Two guys presenting

This past Wednesday I attended the Chicago Chapter of the ACM (Association for Computing Machinery) meeting in downtown Chicago, Illinois. I had not been to an ACM meeting in well over 10 years (since I finished Grad School). It is good to see that the ACM has an active chapter in the Chicago area (they meet monthly during the academic year). Special thanks to Marc Temkin and Greg Neumarke from the ACM for putting on a good meeting.

Note: I am going to be leading the presentation / discussion at their April meeting, with the topic being Silverlight. Since it will be taking place a month after the MIX conference, we will doubtless have lots of news to share about Silverlight 2.0 and new bits to demonstrate.

The Google Office

I have to admit that one of the reasons I attended the meeting was to check out the Google offices. Google stepped up big for the ACM group by not only provided the presentations, but also donating their office space and for buying all the food for the event (Normally there is a small charge to attend the meeting - not this time).

When I arrived at the office I was looking around and a very nice gentlemen came up and asked me if I needed anything. Since he did not have a guest pass, I assumed he was a Google employee. I asked him to see the “Xbox room” because I heard they had an awesome game room (I knew someone who had previously visited the office during an open house). He offered to show me around the whole office. At this point I felt compelled to mention to him that I worked for Microsoft. He said “Thanks for telling me, we can still show you around - we love Microsoft we use a lot of their software on our desktop machines”. The Google guys asked people to not take pictures outside of the lecture room, I honored their request. It was only after the tour that I found out what my tour guide did for Google. He is one of their Executive Chefs and was in Chicago from their Mountain View Campus.

He showed me around their offices (they are on 2 floors) and the place is a very “cool” work environment. They have lots of colors around the office (all of them web safe) and the office is laid out in a very open environment to facilitate collaboration (the “cubes” offer individual work spaces, but there are no real walls). There are the giant balls that you can sit on instead of a chair pretty much everywhere. All of their conference rooms are named after a Chicago theme, but it really presses the trivia part of your brain to figure out how (took me a minute to remember that the 1980’s movie Adventures in Babysitting was set in Chicago). There were all kinds of fun things around to play with. I counted 4 xboxes in the office (a couple of 360s and a couple classic xboxes). At Microsoft we have 3 floors in our downtown Chicago office and I doubt that we have that many xboxes in the office (we have to fix that).

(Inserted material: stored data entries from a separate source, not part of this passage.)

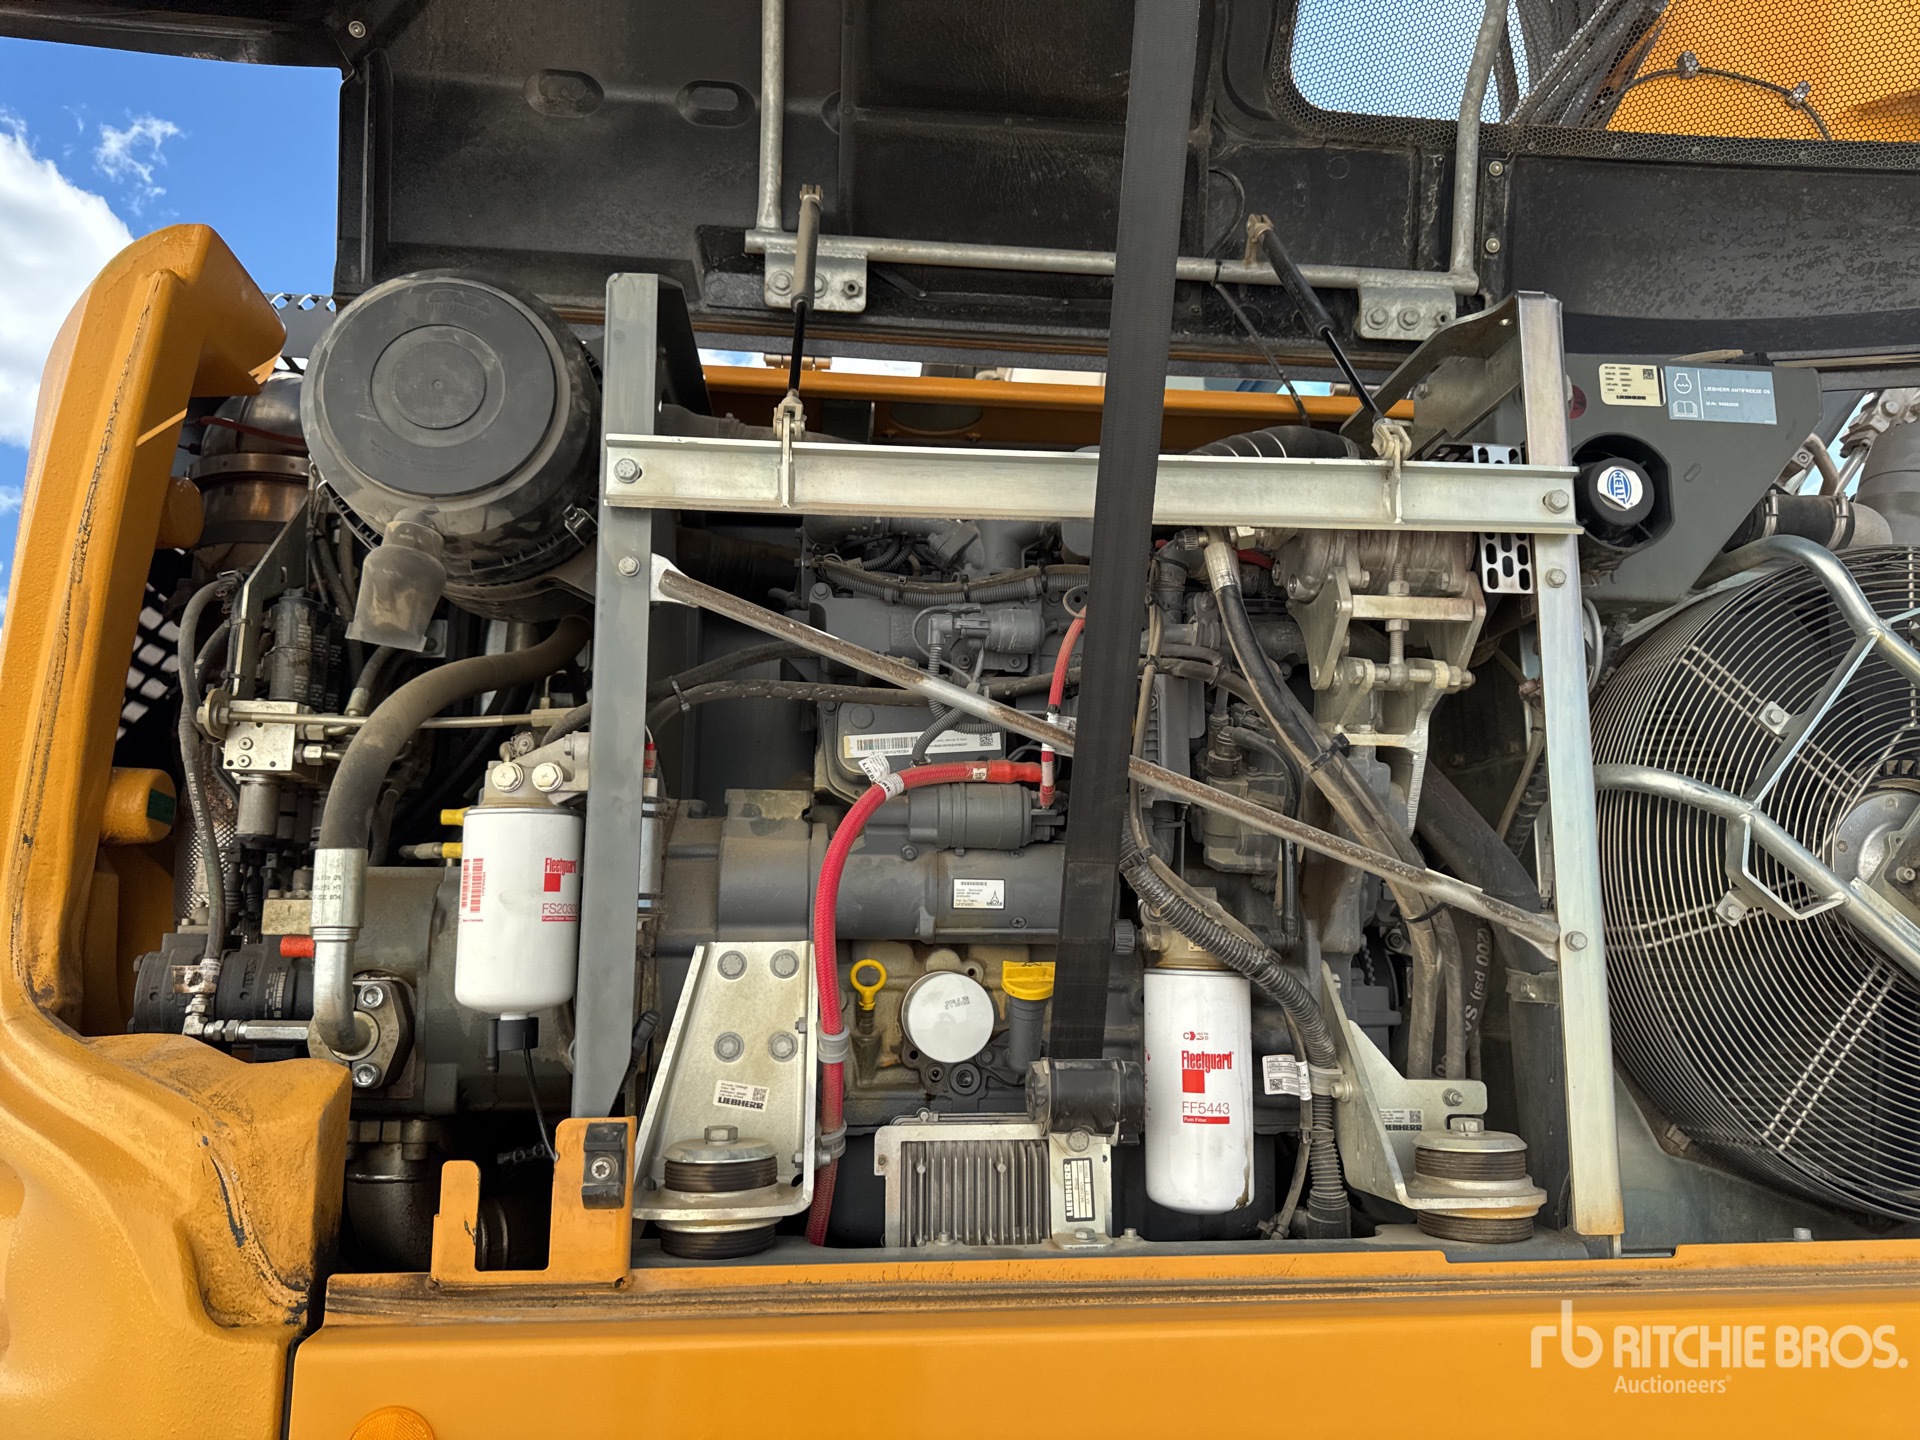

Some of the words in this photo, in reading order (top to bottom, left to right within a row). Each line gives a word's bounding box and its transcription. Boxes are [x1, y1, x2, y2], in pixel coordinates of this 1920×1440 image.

[188, 772, 196, 782] EN
[190, 782, 199, 795] 857
[194, 800, 202, 811] DN
[1469, 970, 1486, 1000] psi)
[1181, 1050, 1232, 1073] Fleetguard
[717, 1096, 764, 1110] LIEBHERR
[1182, 1101, 1230, 1115] FF5443
[1064, 1163, 1074, 1217] LIEBHERR
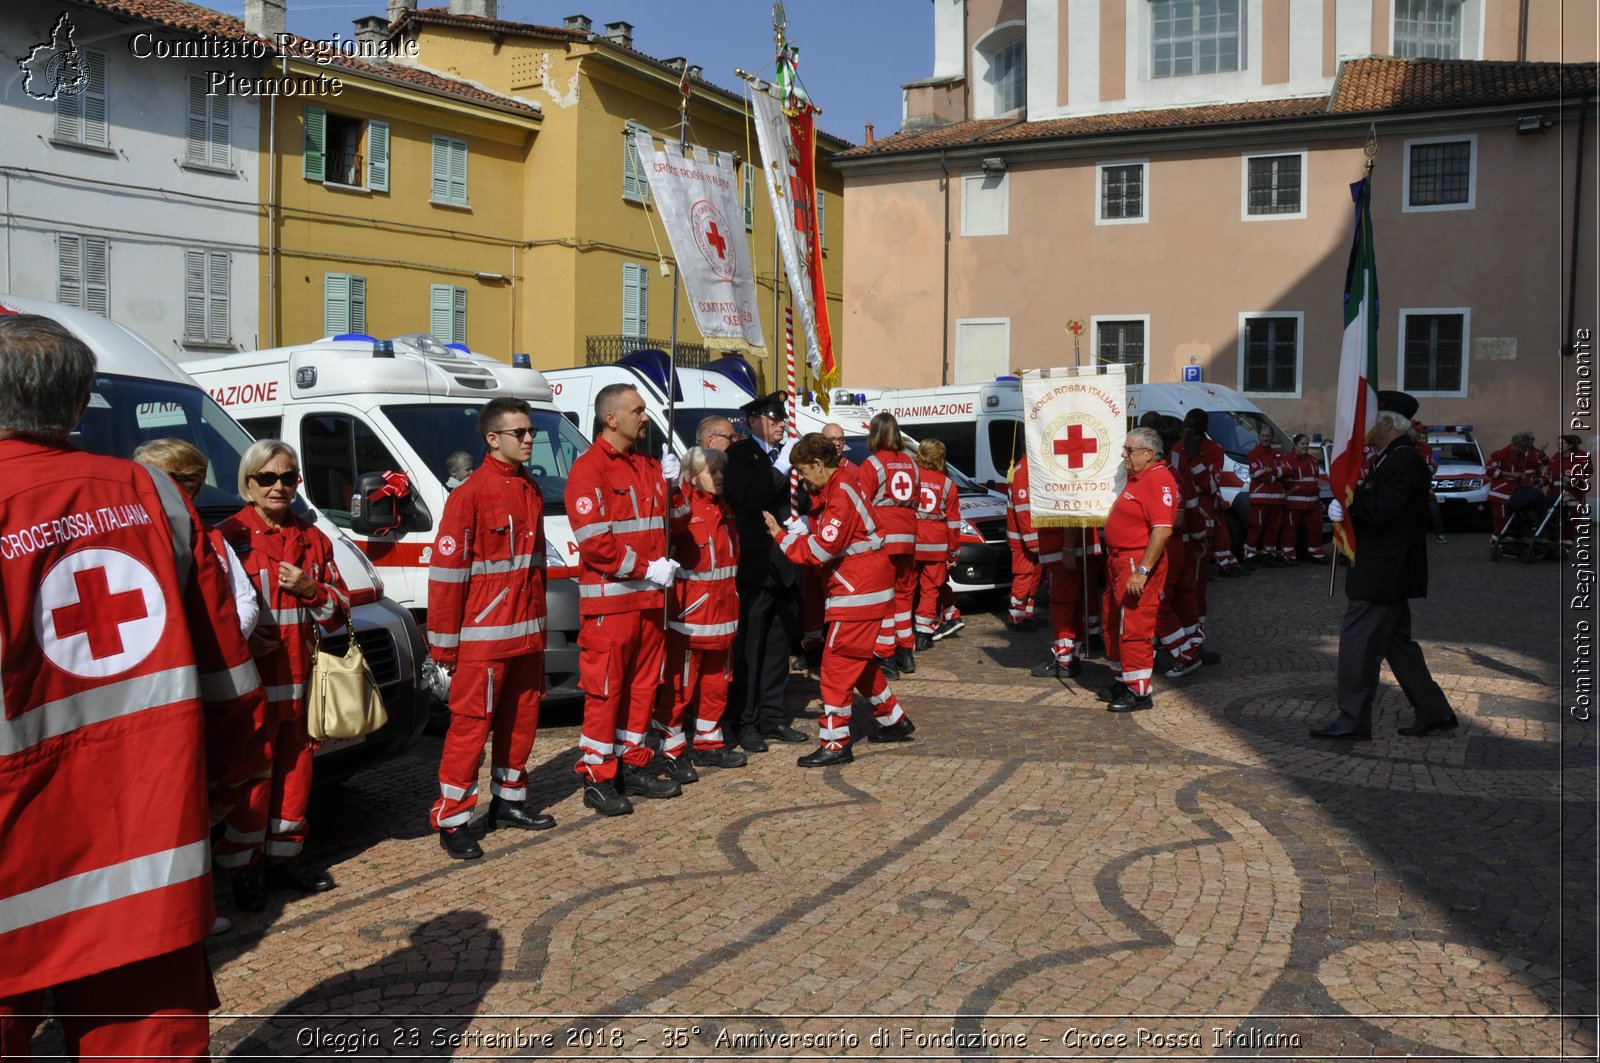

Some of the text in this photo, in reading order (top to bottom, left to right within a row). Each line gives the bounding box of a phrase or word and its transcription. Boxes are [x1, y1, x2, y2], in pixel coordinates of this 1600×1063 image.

[653, 162, 680, 177] CROCE
[680, 168, 705, 183] ROSSA
[1188, 368, 1197, 380] P
[893, 402, 973, 418] RIANIMAZIONE
[1030, 384, 1121, 421] CROCE ROSSA ITALIANA
[1045, 482, 1097, 493] COMITATO
[1054, 499, 1103, 510] ARONA
[0, 504, 152, 560] CROCE ROSSA ITALIANA
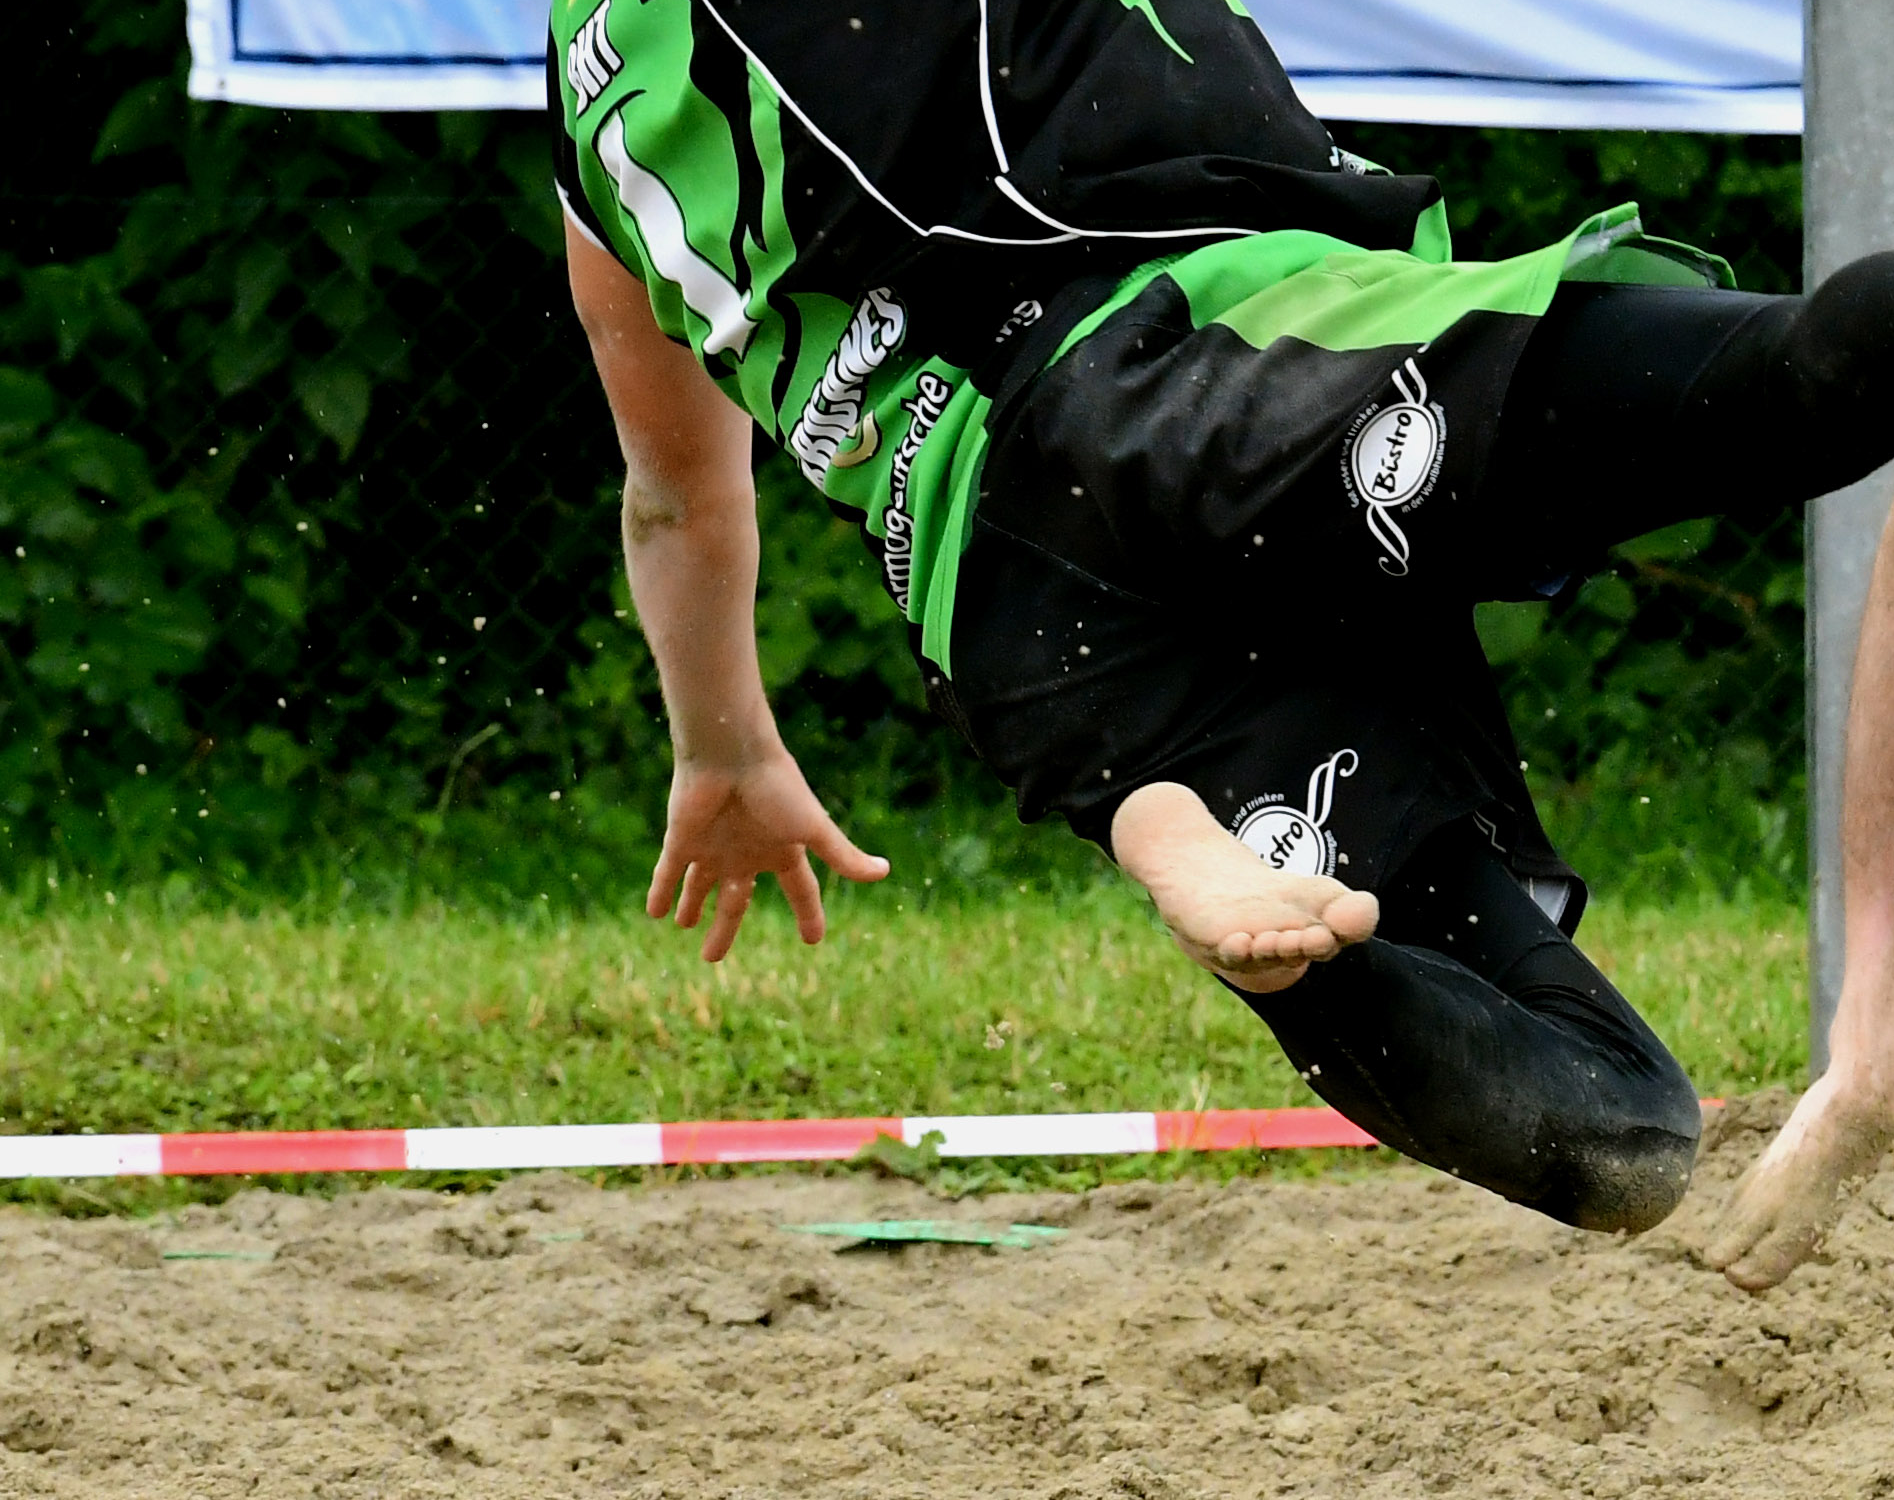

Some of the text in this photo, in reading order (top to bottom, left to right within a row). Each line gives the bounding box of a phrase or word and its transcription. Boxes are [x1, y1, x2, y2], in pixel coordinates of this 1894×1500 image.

[1347, 402, 1380, 437] trinken
[1371, 412, 1412, 494] Bistro
[1231, 791, 1286, 828] und trinken

After the tour I got to meet a couple of the Google guys. They were all very cool about me being from Microsoft, although standard procedure might have required them to sweep for bugs after I left. 🙂

The presentations

Jon Trowbridge gave an interesting presentation on Bloom Filters, which are a way to quickly evaluate the presence of something in a large dataset (which is something Google is probably interested in). The talk was focused heavily on the math side of things and not so much on the implementation (but what would you want for a 45 minute presentation?). I think I really missed out on a lot of the algorithmic theory because I got my degree in Information Systems and not Computer Science.

Brian Fitzpatrick and Ben Collins-Sussman gave a fantastic presentation on “How Open Source Projects Survive Poisonous People (And You Can Too)”. Brian and Ben are both on the Subversion team and have dealt with lots of people issues on that project (and others). We can learn a lot from their guidance presented in this presentation, even if you are not working on an open source team. These guys were fantastic presenters, very engaging, you can check out a previous recording of their presentation on Google Video. I intend to follow-up on a couple of topics they touched on in a future blog post.